Exercise prompt:
Please return every record exactly as written, leaving out the pictures.

Material provided:

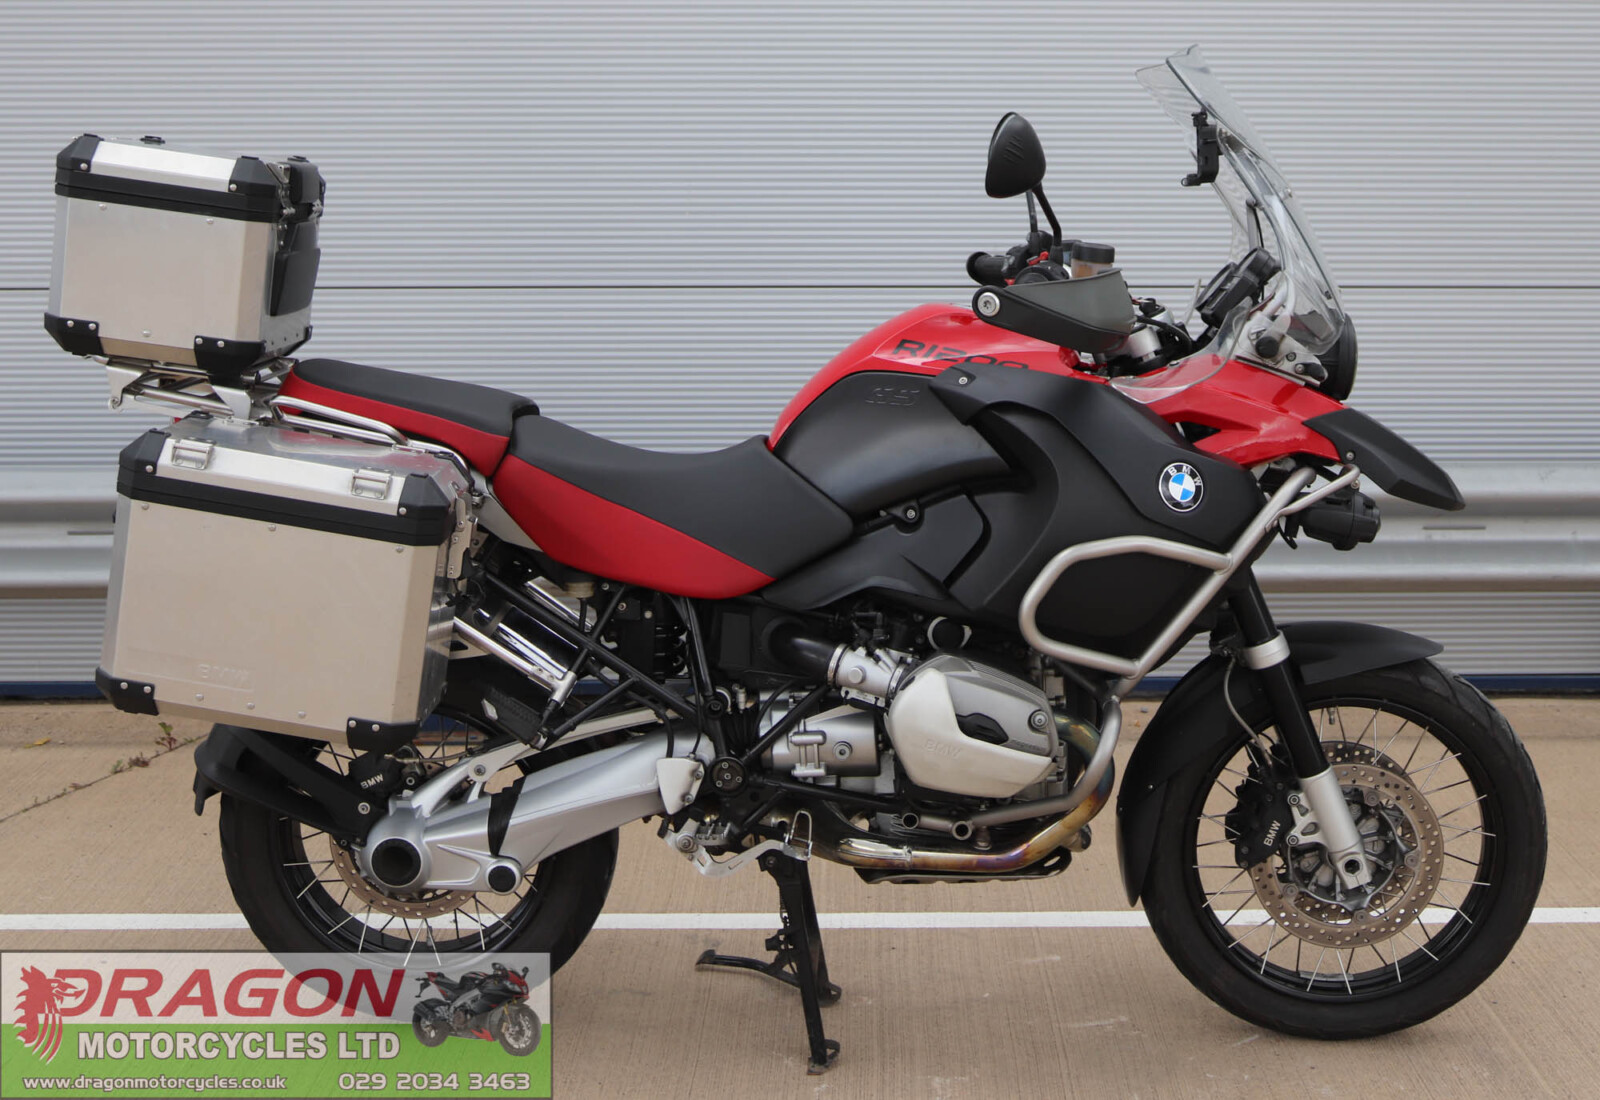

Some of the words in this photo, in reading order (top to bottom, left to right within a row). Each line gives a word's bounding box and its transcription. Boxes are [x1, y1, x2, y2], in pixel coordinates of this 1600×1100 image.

[1168, 464, 1202, 486] BMW
[923, 738, 963, 758] BMW
[360, 773, 384, 789] BMW
[1263, 820, 1281, 847] BMW
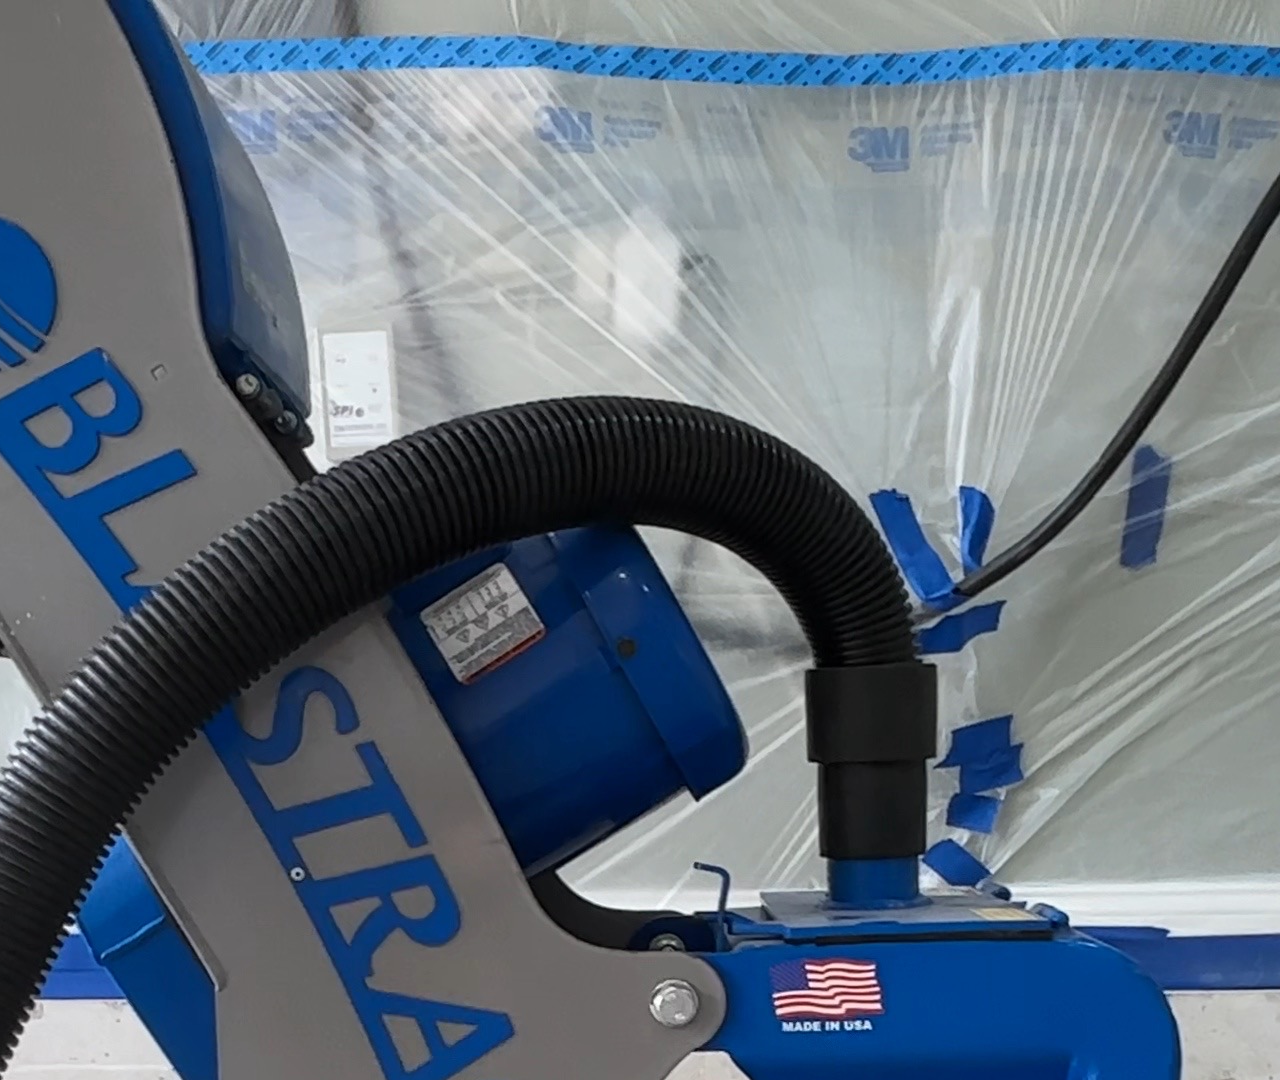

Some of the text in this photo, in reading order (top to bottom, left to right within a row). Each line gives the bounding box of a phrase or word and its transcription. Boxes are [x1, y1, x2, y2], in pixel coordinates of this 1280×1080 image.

[847, 126, 910, 162] 3M
[1163, 110, 1222, 147] 3M
[782, 1020, 873, 1032] MADE IN USA

Result of the task:
Some of the words in this photo, in reading order (top to bottom, left to right within a row). Each line gives a word's bounding box and its transcription. Boxes are [x1, y1, x2, y2], in pixel coordinates of this 1600×1100 image.

[1168, 464, 1202, 486] BMW
[923, 738, 963, 758] BMW
[360, 773, 384, 789] BMW
[1263, 820, 1281, 847] BMW

Some of the text in this photo, in reading order (top to bottom, left to right within a row). Each line gives the bounding box of a phrase or word and its transcription. Boxes are [x1, y1, x2, y2], in pixel coordinates of this 1280×1080 image.

[847, 126, 910, 162] 3M
[1163, 110, 1222, 147] 3M
[782, 1020, 873, 1032] MADE IN USA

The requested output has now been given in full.